▶ [Your goal]: Bring back every record exactly, except for the pictures, which stay out.

▶ [Material to process]:
* * * *
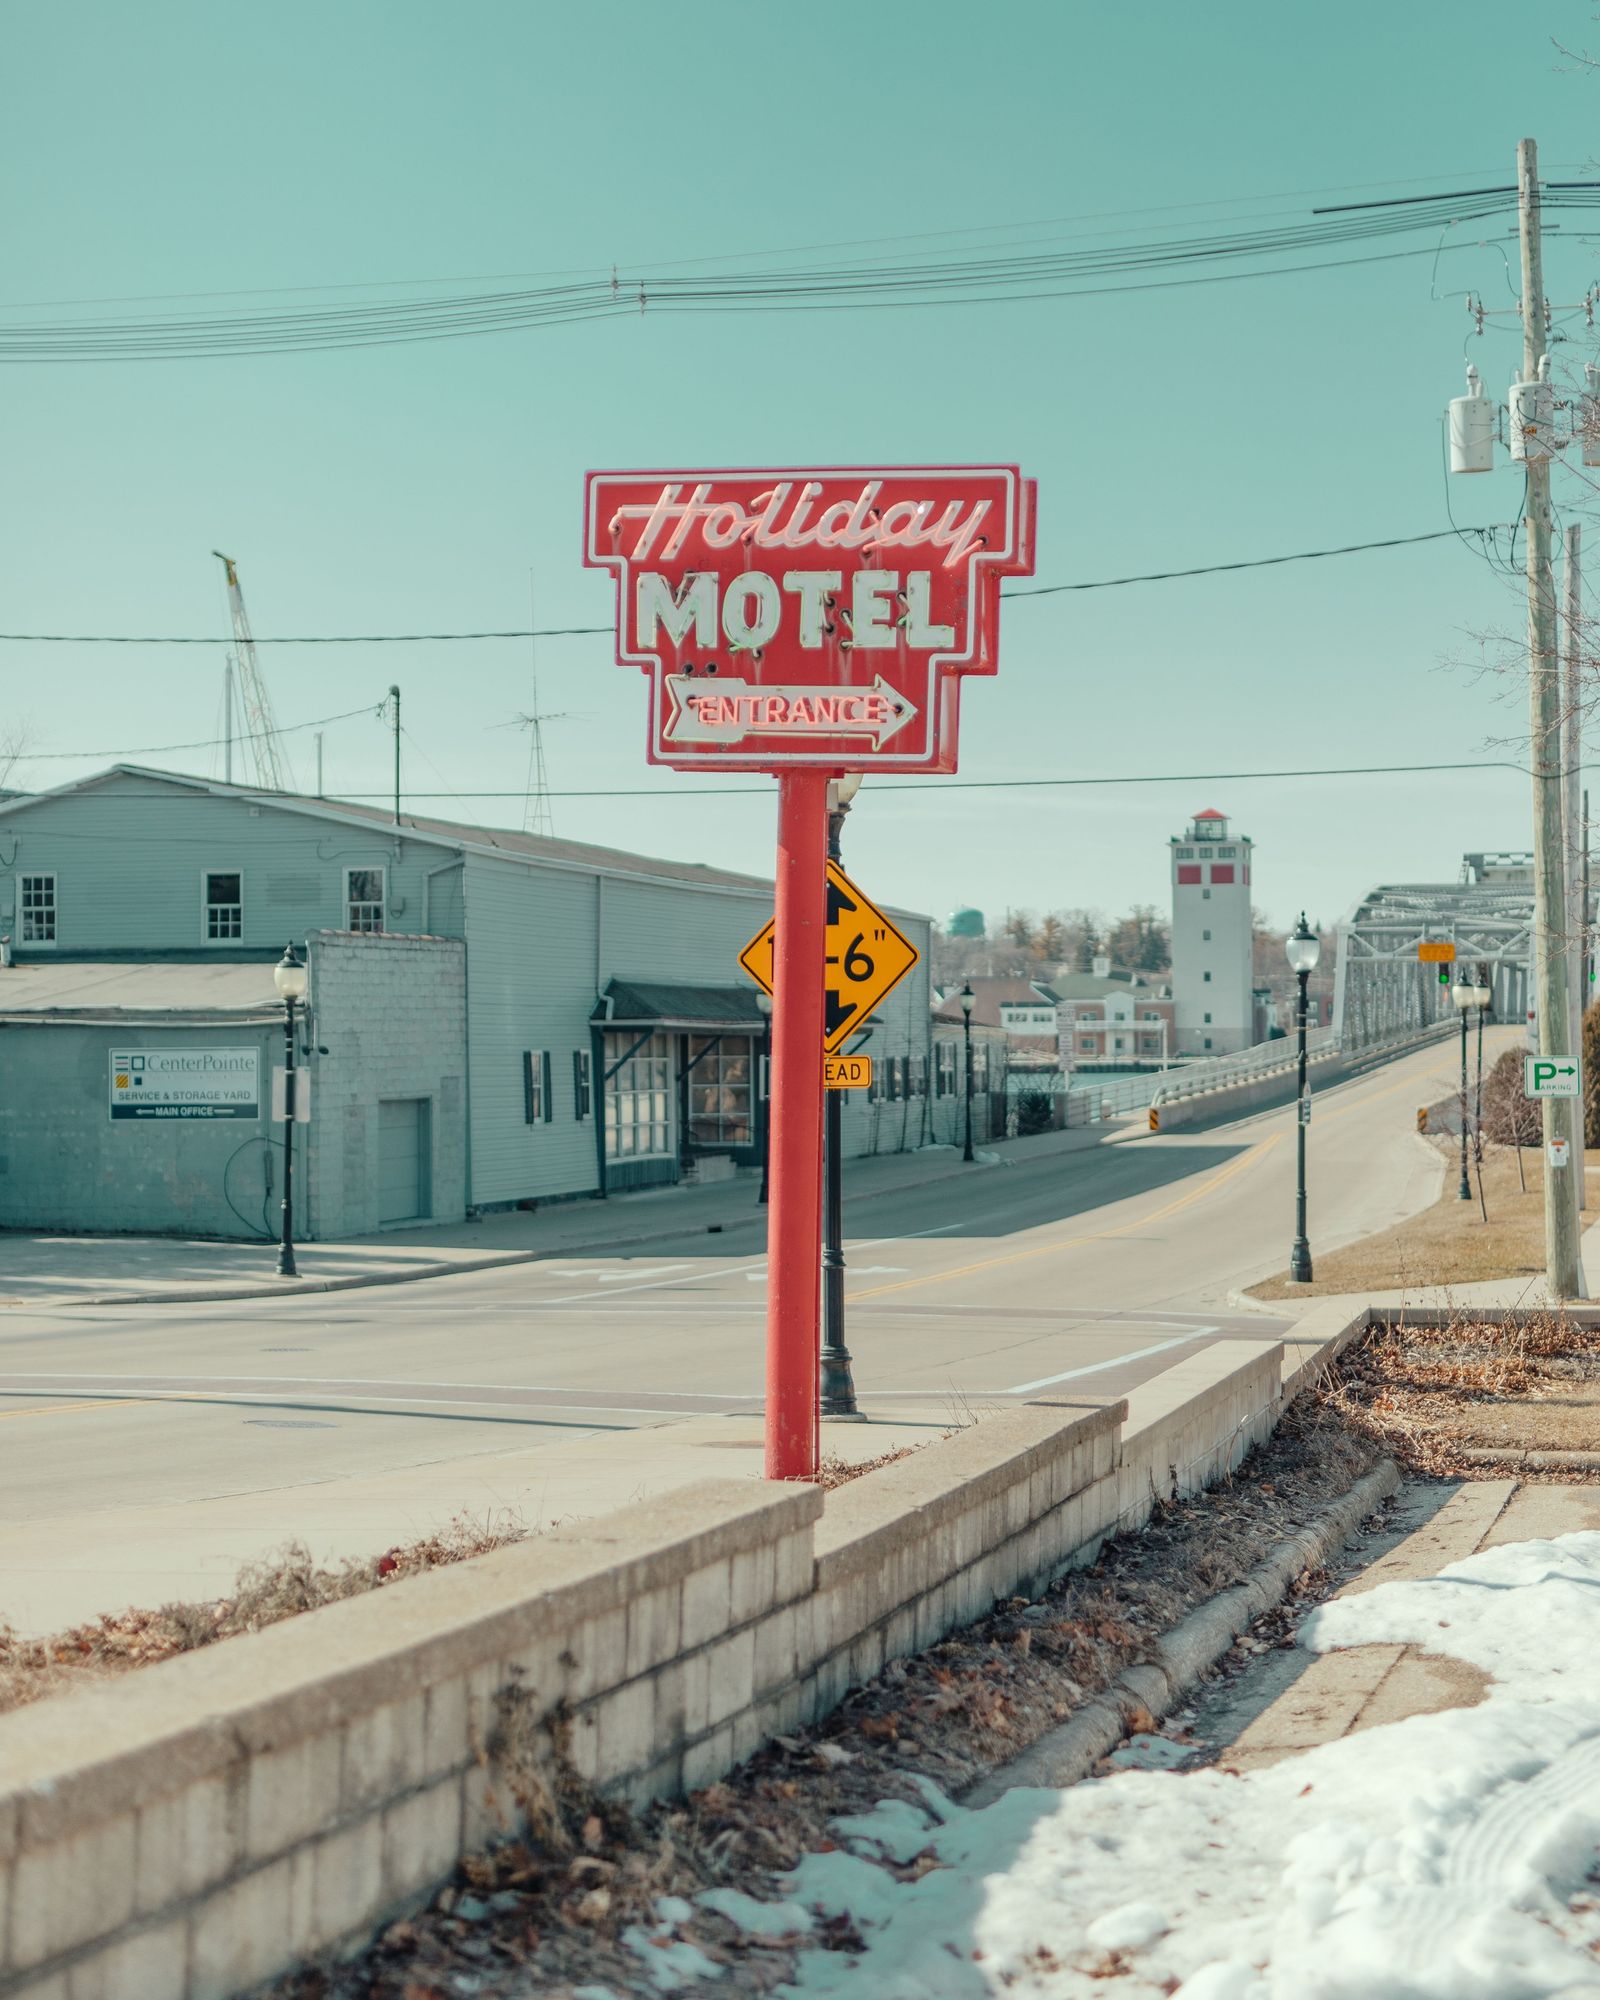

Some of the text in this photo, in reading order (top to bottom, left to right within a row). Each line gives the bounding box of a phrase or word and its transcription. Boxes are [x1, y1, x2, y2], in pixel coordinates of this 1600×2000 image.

[616, 480, 992, 567] Holiday
[637, 571, 954, 649] MOTEL
[698, 695, 888, 725] ENTRANCE
[148, 1055, 255, 1071] CenterPointe
[825, 1063, 860, 1080] EAD
[118, 1090, 250, 1100] SERVICE & STORAGE YARD
[155, 1105, 214, 1117] MAIN OFFICE
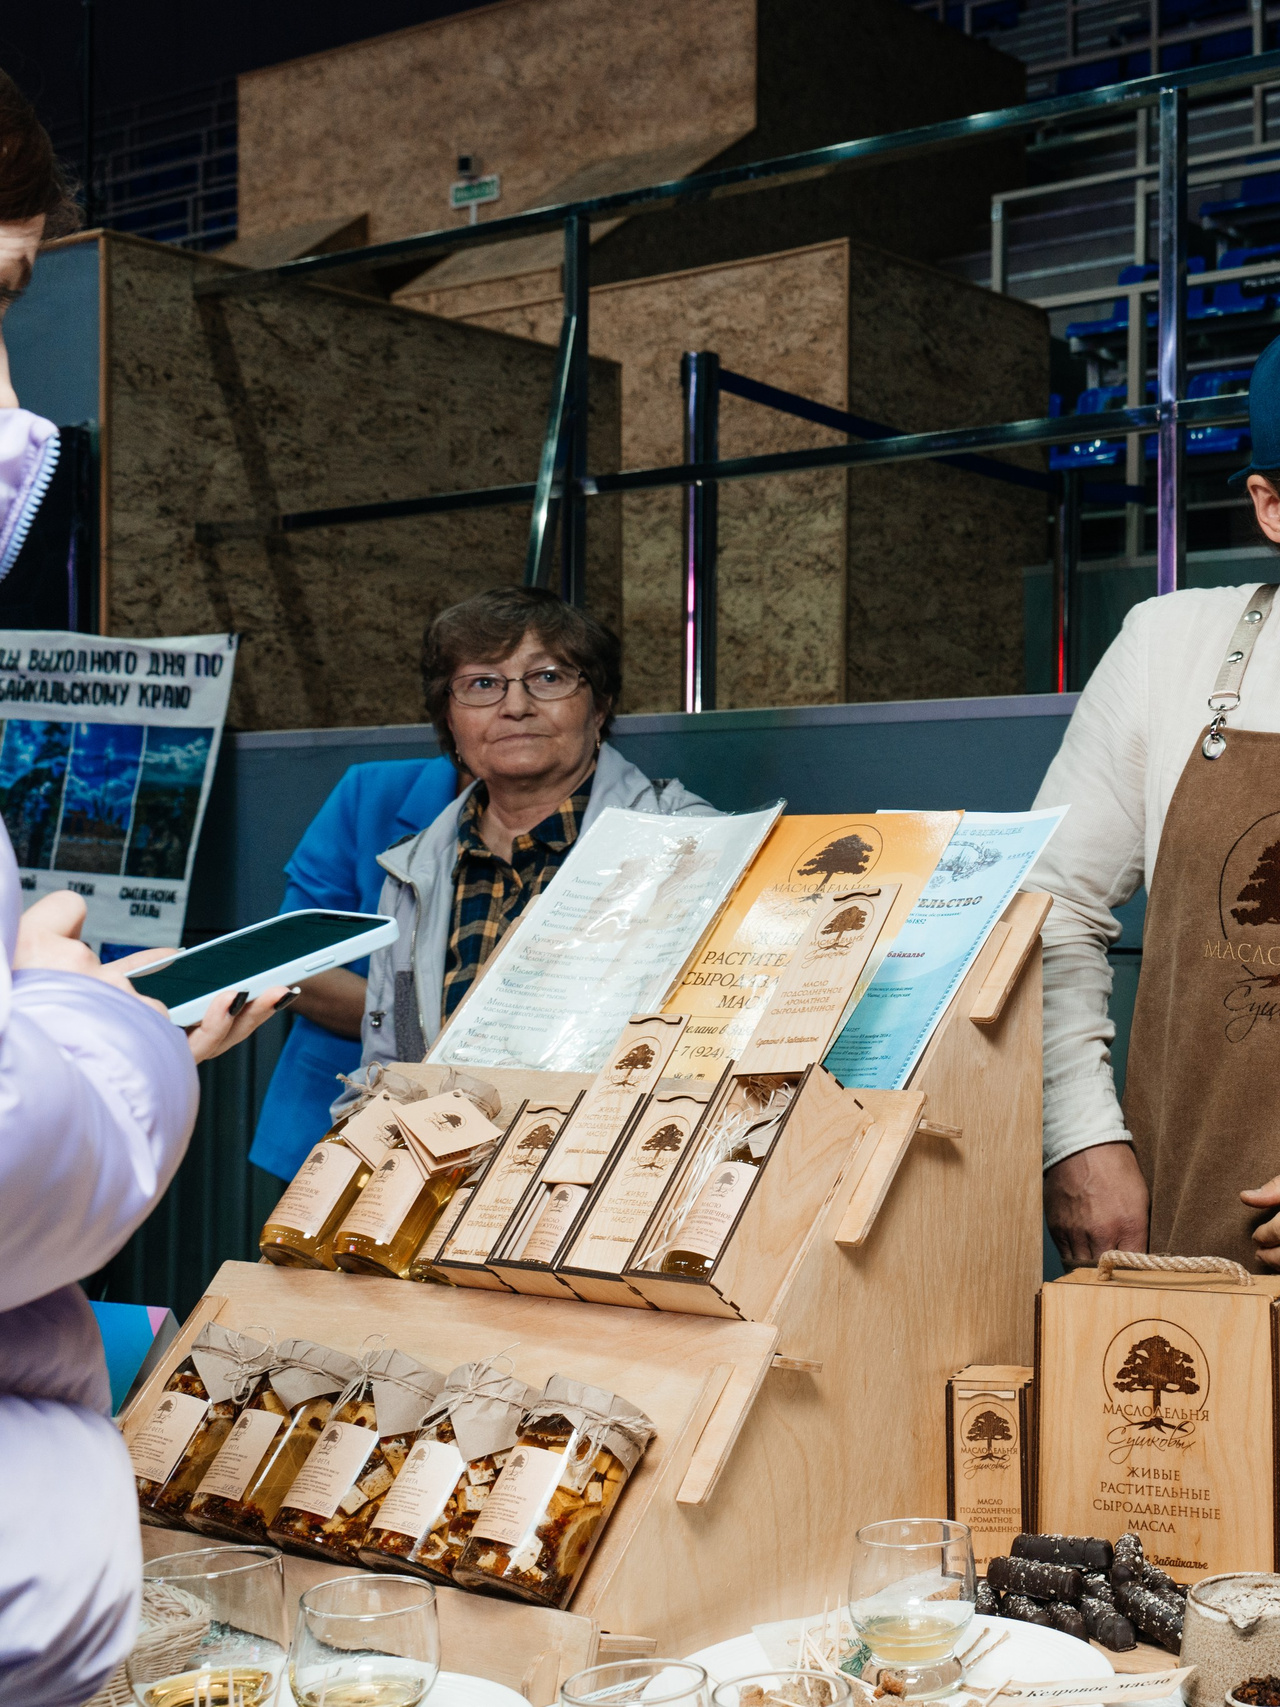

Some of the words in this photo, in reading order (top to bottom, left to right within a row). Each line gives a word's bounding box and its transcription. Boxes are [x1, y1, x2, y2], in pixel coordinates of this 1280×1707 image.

[28, 649, 138, 674] ВЫХОДНОГО
[147, 651, 187, 676] ДНЯ
[195, 652, 223, 678] ПО
[138, 683, 192, 709] КРАЮ
[917, 895, 983, 909] ЕЛЬСТВО
[701, 951, 791, 968] РАСТИТЕ
[886, 950, 926, 958] байкалье
[803, 980, 829, 988] МАСЛО
[780, 987, 843, 998] ПОДСОЛНЕЧНОЕ
[784, 997, 830, 1006] АРОМАТНОЕ
[770, 1004, 835, 1015] СЫРОДАВЛЕННОЕ
[685, 1024, 719, 1035] елано
[690, 1045, 725, 1062] (924)
[1102, 1403, 1210, 1422] МАСЛОДЕЛЬНЯ
[1106, 1421, 1197, 1465] Сушковых
[961, 1447, 1018, 1455] МАСЛОДЕЛЬНЯ
[1127, 1466, 1181, 1481] ЖИВЫЕ
[1100, 1481, 1211, 1501] РАСТИТЕЛЬНЫЕ
[977, 1498, 1003, 1506] МАСЛО
[960, 1507, 1021, 1515] ПОДСОЛНЕЧНОЕ
[1093, 1499, 1221, 1520] СЫРОДАВЛЕННЫЕ
[968, 1516, 1013, 1524] АРОМАТНОЕ
[1128, 1518, 1176, 1534] МАСЛА
[969, 1525, 1022, 1533] РОДАВЛЕННОЕ
[1152, 1554, 1209, 1570] Забайкалье
[1026, 1685, 1108, 1698] Кедровое
[1116, 1677, 1171, 1689] масло
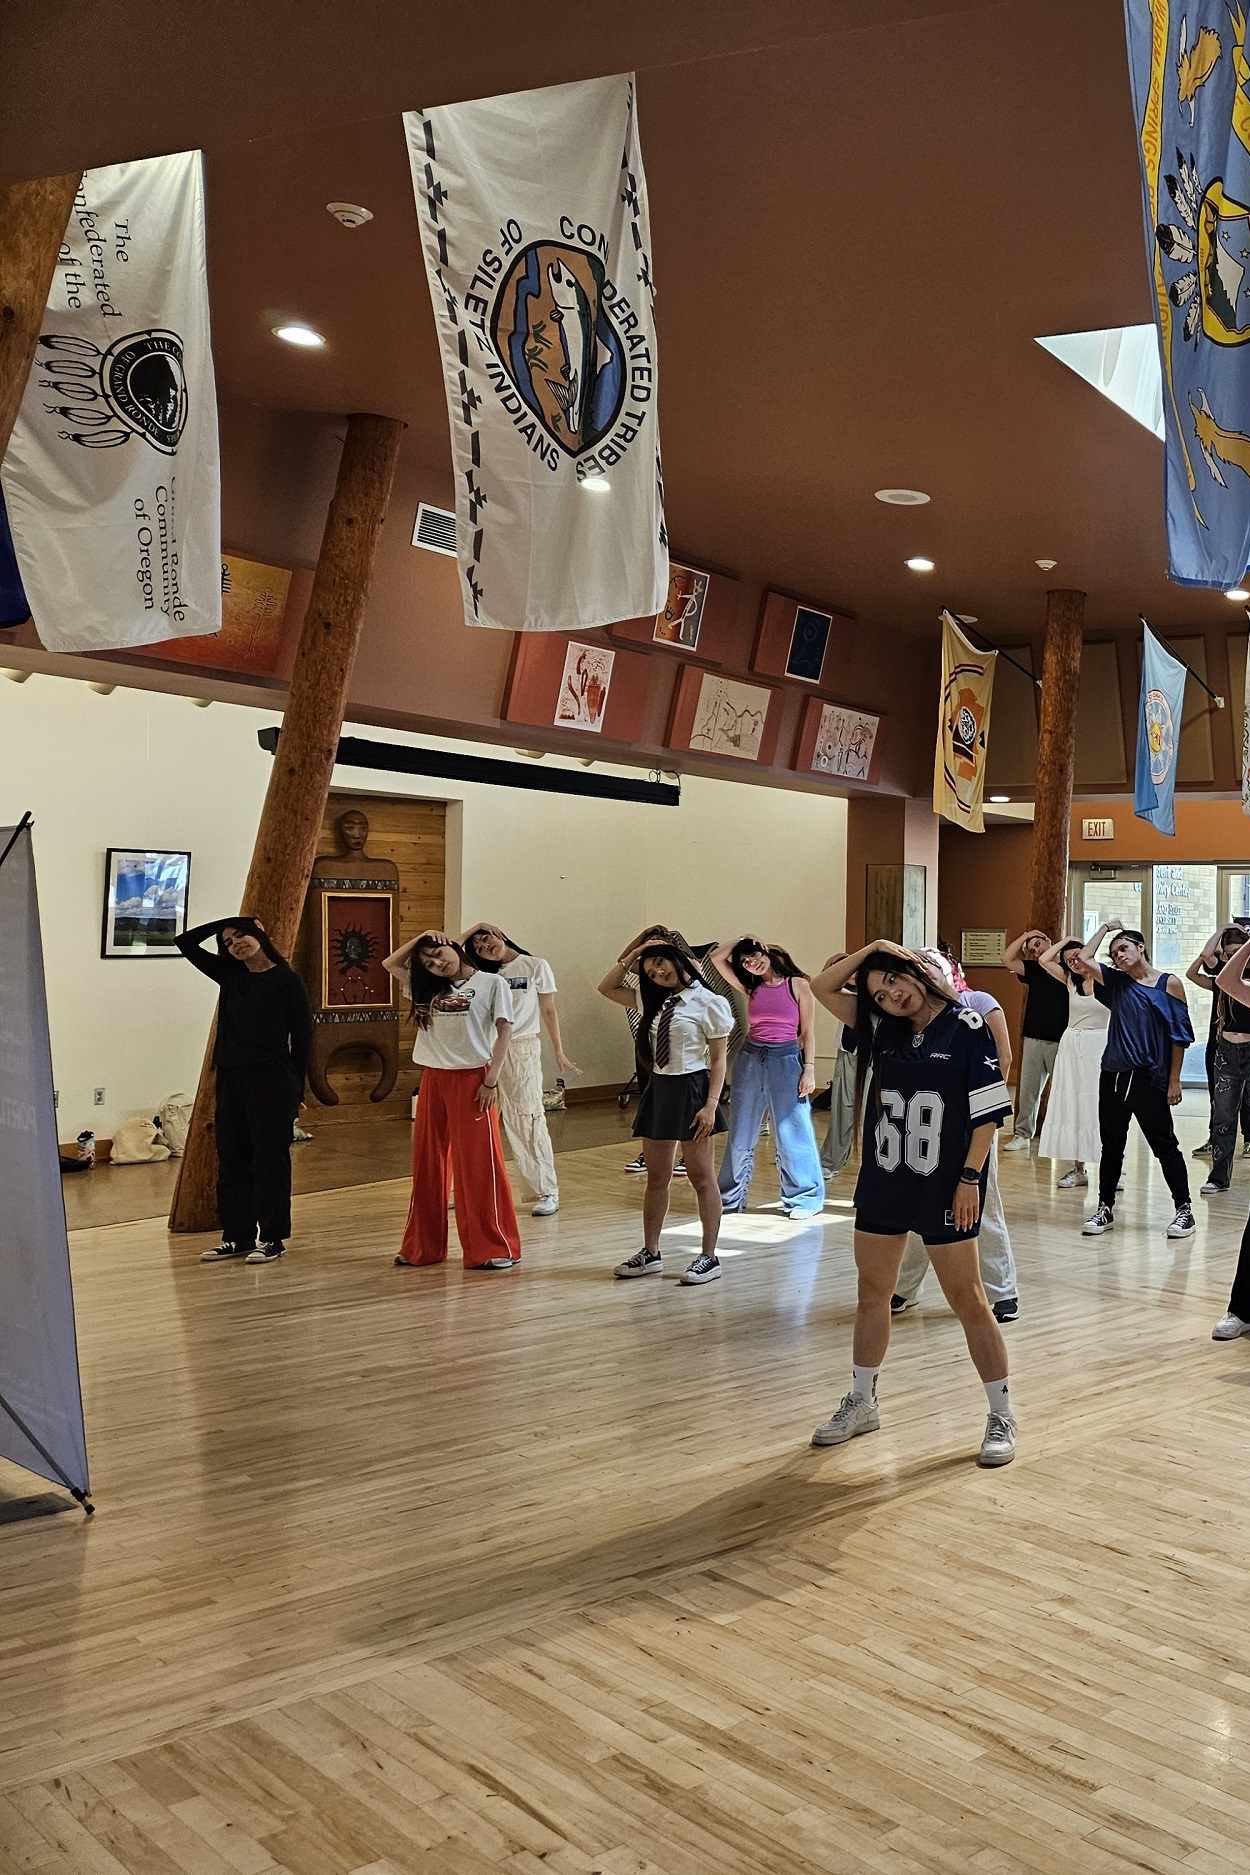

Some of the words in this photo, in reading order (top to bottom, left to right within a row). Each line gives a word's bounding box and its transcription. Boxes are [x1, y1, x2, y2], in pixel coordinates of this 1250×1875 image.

[59, 243, 83, 266] of
[73, 170, 123, 318] onfederated
[114, 218, 132, 263] The
[500, 218, 523, 257] OF
[65, 272, 87, 309] the
[464, 248, 503, 357] SILETZ
[121, 351, 136, 365] OF
[144, 340, 170, 351] THE
[125, 404, 159, 436] RONDE
[486, 362, 560, 472] INDIANS
[576, 410, 646, 483] TRIBES
[134, 498, 151, 521] of
[136, 526, 154, 611] Oregon
[1087, 821, 1106, 838] EXIT
[874, 1088, 945, 1177] 68
* * * *
▶ [Exercise answer]:
Some of the text in this photo, in reading order (top to bottom, left to right within a row). Each line gives the bounding box of a phrase or word and its transcription. Boxes are [x1, y1, x2, y2], in pixel coordinates of this 1600×2000 image.

[616, 480, 992, 567] Holiday
[637, 571, 954, 649] MOTEL
[698, 695, 888, 725] ENTRANCE
[148, 1055, 255, 1071] CenterPointe
[825, 1063, 860, 1080] EAD
[118, 1090, 250, 1100] SERVICE & STORAGE YARD
[155, 1105, 214, 1117] MAIN OFFICE

Some of the words in this photo, in reading order (top to bottom, left to right within a row). Each line gives a word's bounding box and its transcription. Boxes are [x1, y1, x2, y2], in pixel coordinates of this 1280×1707 image.

[28, 649, 138, 674] ВЫХОДНОГО
[147, 651, 187, 676] ДНЯ
[195, 652, 223, 678] ПО
[138, 683, 192, 709] КРАЮ
[917, 895, 983, 909] ЕЛЬСТВО
[701, 951, 791, 968] РАСТИТЕ
[886, 950, 926, 958] байкалье
[803, 980, 829, 988] МАСЛО
[780, 987, 843, 998] ПОДСОЛНЕЧНОЕ
[784, 997, 830, 1006] АРОМАТНОЕ
[770, 1004, 835, 1015] СЫРОДАВЛЕННОЕ
[685, 1024, 719, 1035] елано
[690, 1045, 725, 1062] (924)
[1102, 1403, 1210, 1422] МАСЛОДЕЛЬНЯ
[1106, 1421, 1197, 1465] Сушковых
[961, 1447, 1018, 1455] МАСЛОДЕЛЬНЯ
[1127, 1466, 1181, 1481] ЖИВЫЕ
[1100, 1481, 1211, 1501] РАСТИТЕЛЬНЫЕ
[977, 1498, 1003, 1506] МАСЛО
[960, 1507, 1021, 1515] ПОДСОЛНЕЧНОЕ
[1093, 1499, 1221, 1520] СЫРОДАВЛЕННЫЕ
[968, 1516, 1013, 1524] АРОМАТНОЕ
[1128, 1518, 1176, 1534] МАСЛА
[969, 1525, 1022, 1533] РОДАВЛЕННОЕ
[1152, 1554, 1209, 1570] Забайкалье
[1026, 1685, 1108, 1698] Кедровое
[1116, 1677, 1171, 1689] масло

Some of the words in this photo, in reading order (top to bottom, left to right within a row). Each line gives a word's bounding box and its transcription. Boxes are [x1, y1, x2, y2], in pixel coordinates of this 1250×1875 image.

[59, 243, 83, 266] of
[73, 170, 123, 318] onfederated
[114, 218, 132, 263] The
[500, 218, 523, 257] OF
[65, 272, 87, 309] the
[464, 248, 503, 357] SILETZ
[121, 351, 136, 365] OF
[144, 340, 170, 351] THE
[125, 404, 159, 436] RONDE
[486, 362, 560, 472] INDIANS
[576, 410, 646, 483] TRIBES
[134, 498, 151, 521] of
[136, 526, 154, 611] Oregon
[1087, 821, 1106, 838] EXIT
[874, 1088, 945, 1177] 68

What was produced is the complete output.